De medische vooruitgang staat niet stil; er zijn veel nieuwe ontwikkelingen. Op het gebied van slaapapneu bijvoorbeeld. Jerryll Asin is longarts in het Amphia Ziekenhuis in Breda en Oosterhout. Zijn specialismen zijn slaapapneu en niet-invasieve beademing. Hij licht de ontwikkelingen toe.
Bijna iedereen overkomt het ’s nachts dat de ademhaling even stagneert. “Normaal gesproken wordt dat gecorrigeerd door de hersenen en is er niets aan de hand. Als die stagnatie langer dan tien seconden aanhoudt, spreken we van obstructieve slaapapneu. Sommige mensen worden hier meerdere keren per nacht wakker van. Dat leidt tot allerlei klachten, zoals slaperigheid, vermoeidheid, vergeetachtigheid en concentratieproblemen.”
‘Hulpmiddelen worden steeds comfortabeler’

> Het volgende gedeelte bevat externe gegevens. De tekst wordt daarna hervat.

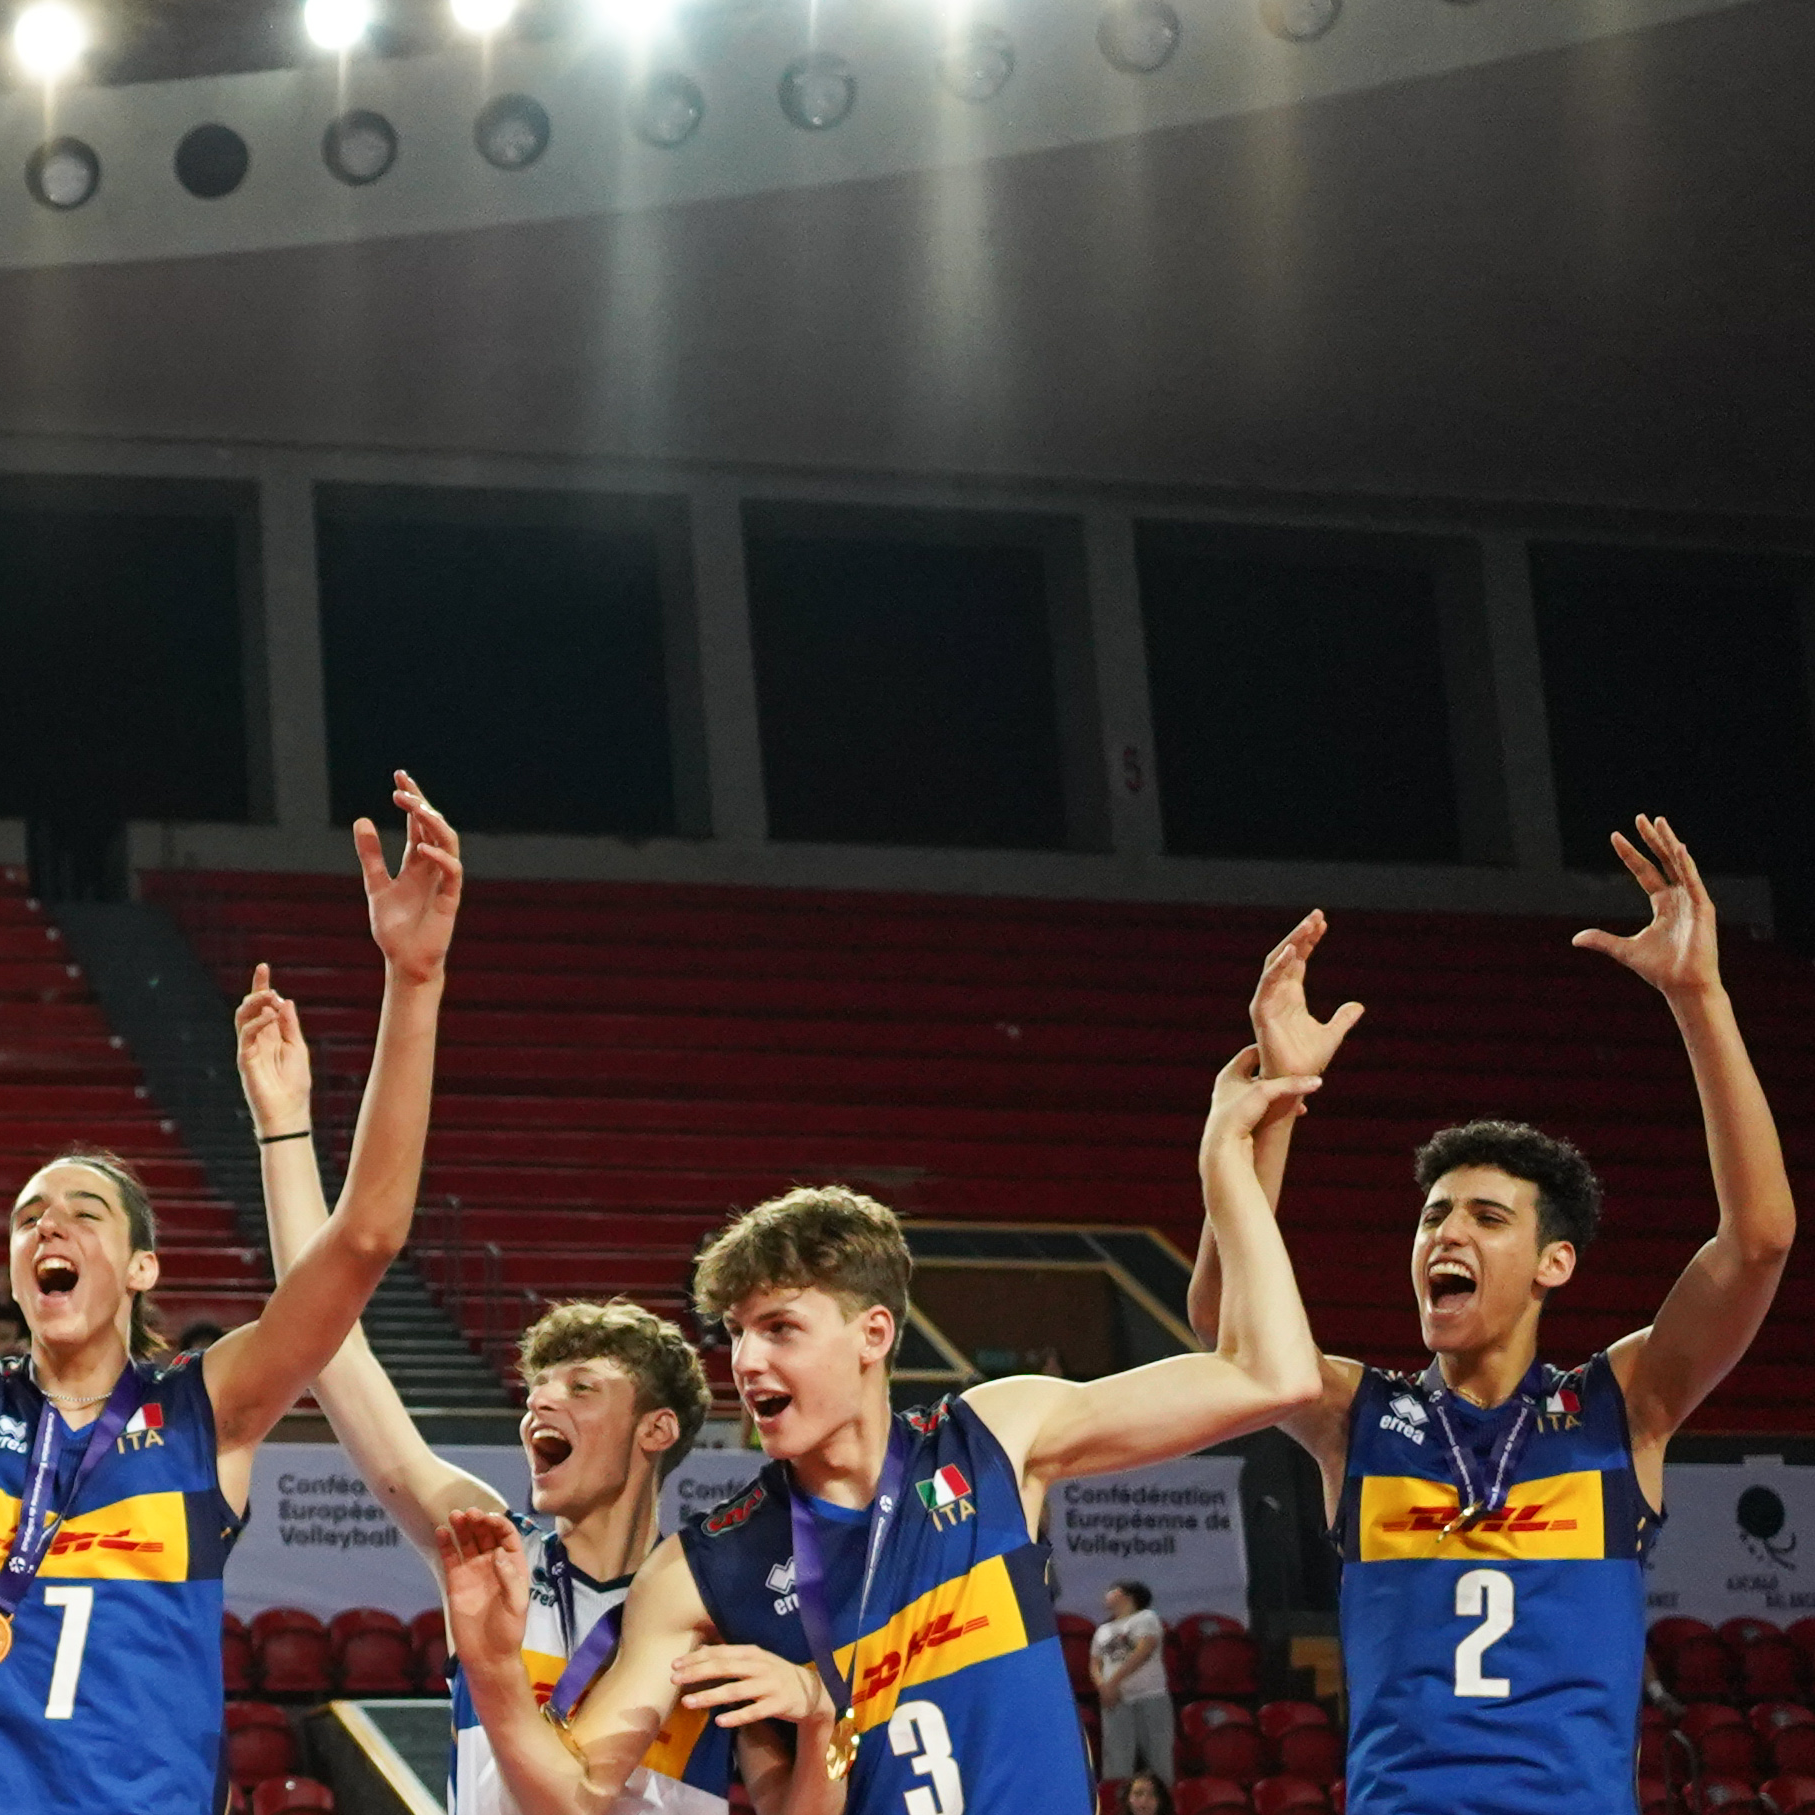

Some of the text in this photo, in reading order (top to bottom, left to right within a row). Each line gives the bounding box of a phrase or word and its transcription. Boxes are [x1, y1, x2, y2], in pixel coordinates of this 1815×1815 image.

[116, 1429, 164, 1454] ITA
[1537, 1413, 1583, 1434] ITA
[930, 1499, 976, 1532] ITA
[43, 1586, 97, 1720] 7
[861, 1611, 967, 1698] DHL
[1453, 1568, 1515, 1698] 2

De afgelopen jaren zijn er verschillende hulpmiddelen ontwikkeld. “Bijvoorbeeld de Night Balance, voor houdingsafhankelijke slaapapneu. Dit apparaatje meet in welke houding je ligt. Het geeft een trilsignaal, als je op je rug gaat liggen. Ook is er de MRA, een op maat gemaakte beugel die de onderkaak ten opzichte van de bovenkaak naar voren positioneert en de tong zo weghoudt van de achterwand van de keel. Het vaakst adviseer ik CPAP, een apparaat dat lucht blaast in een masker op de neus. Dankzij een overdruk in de mond-neus-keelholte blijft de luchtweg open. Een goed passend masker is essentieel. Goed nieuws is dat er steeds meer vormen en maten zijn: alles draait om comfort.”

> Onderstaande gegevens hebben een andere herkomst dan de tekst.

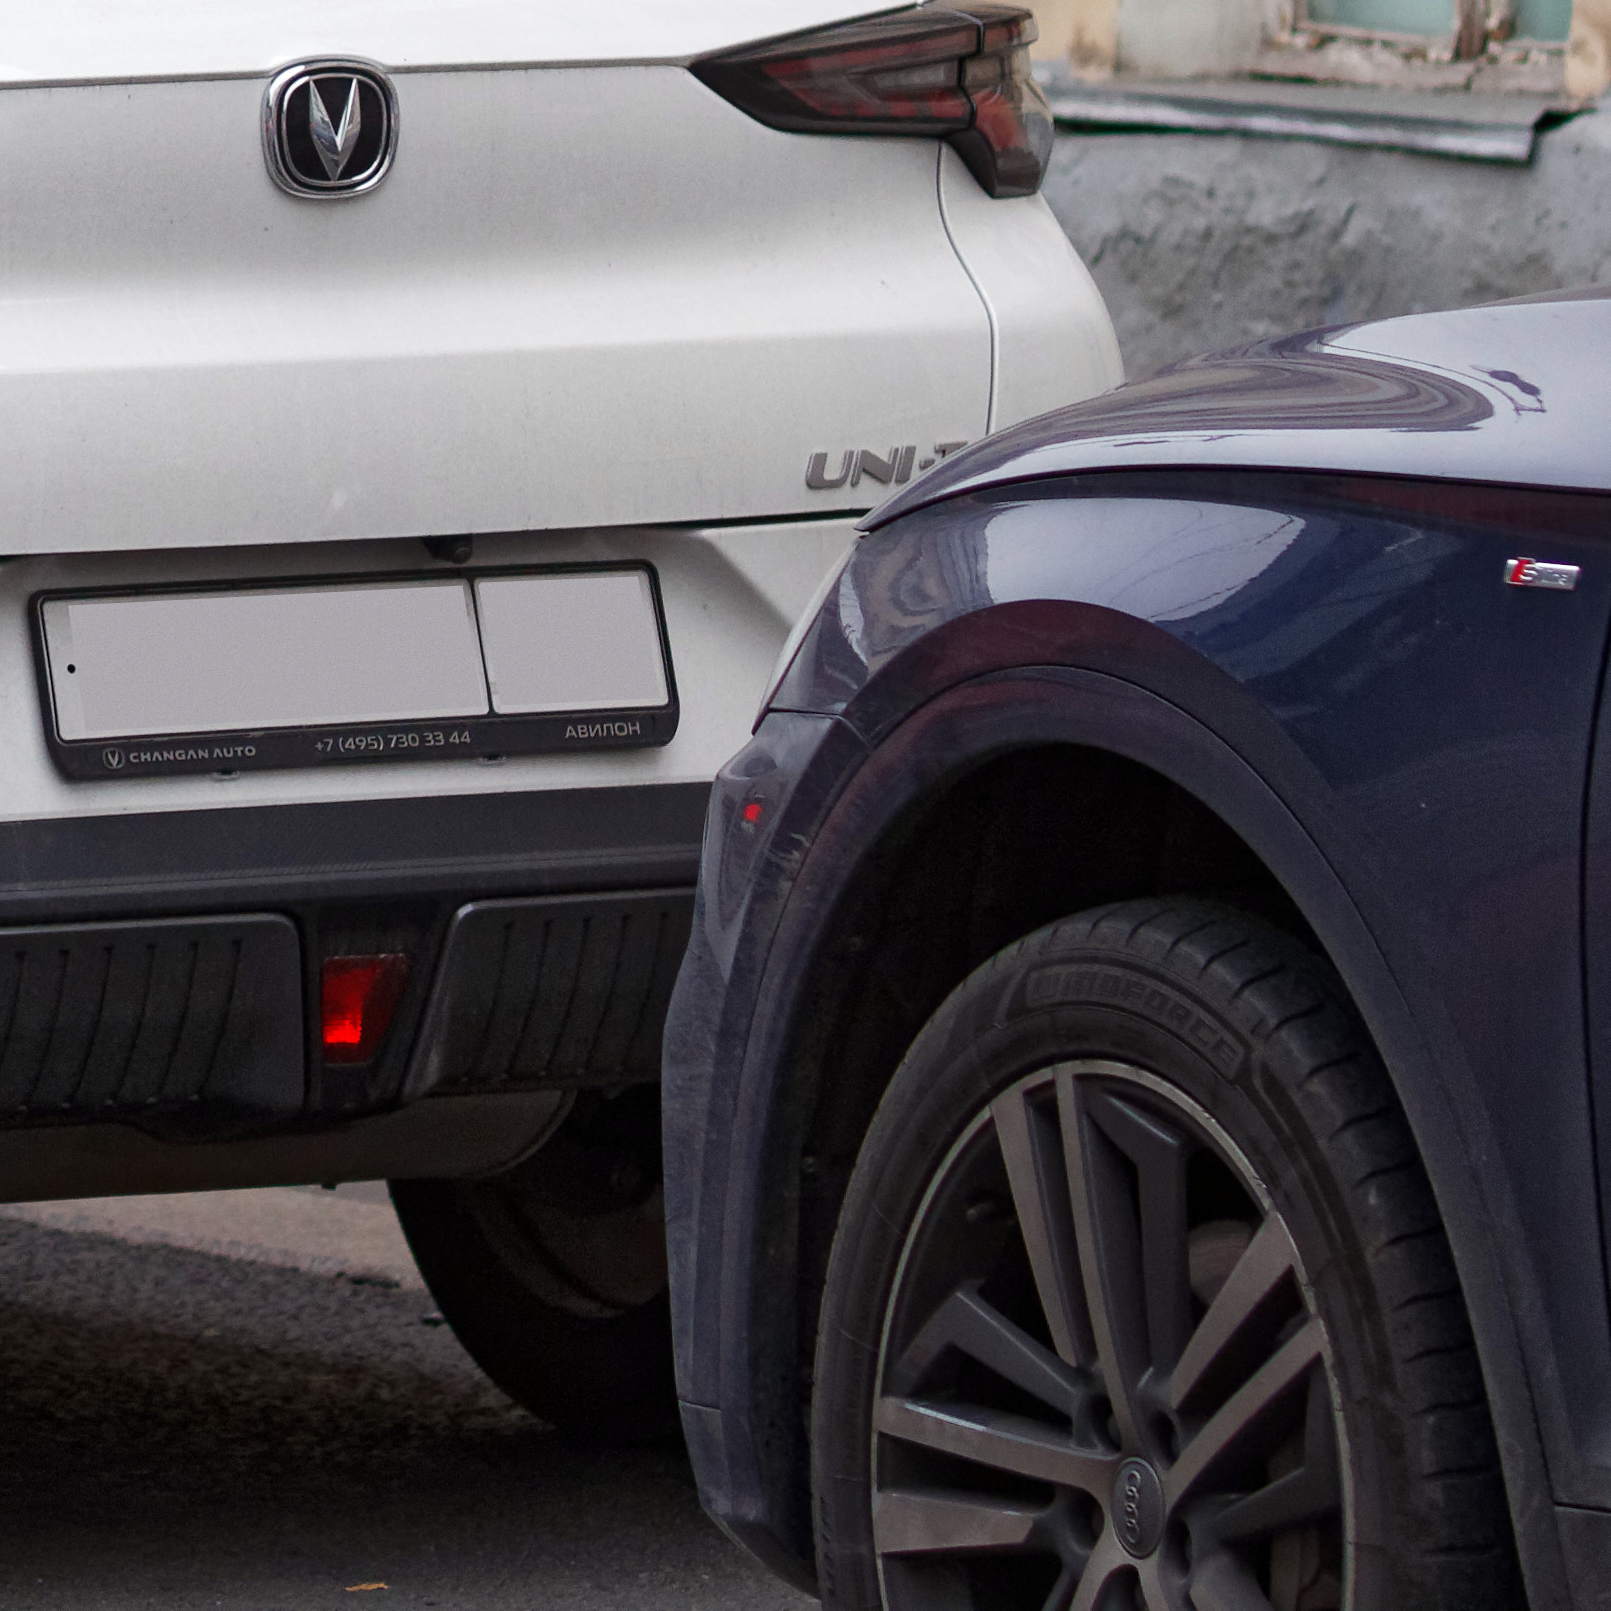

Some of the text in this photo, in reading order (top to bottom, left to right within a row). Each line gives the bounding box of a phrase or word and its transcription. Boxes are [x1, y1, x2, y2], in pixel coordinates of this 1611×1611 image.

[564, 721, 641, 740] АВИЛОН
[314, 730, 471, 752] +7 (495) 730 33 44
[129, 746, 256, 764] CHANGAN AUTO

Er zijn volgens Asin verschillende oorzaken voor obstructieve slaapapneu aan te wijzen. “In mijn praktijk zie ik dat ruim tweederde van de patiënten met slaapapneu overgewicht heeft. Meer massa betekent dat het moeilijker is om de luchtweg open te houden, waardoor de luchtstroom belemmerd wordt. Datzelfde kan gebeuren bij oudere mensen, wanneer de regulatie van de spierspanning afneemt en de luchtweg zich gemakkelijker vernauwt.”
Daarmee is meteen een grote overeenkomst te zien met corona. “Ook in ons ziekenhuis lagen veel oudere mensen en mensen met overgewicht of klachten als hoge bloeddruk en suikerziekte. Deze groepen hadden de slechtste prognose.”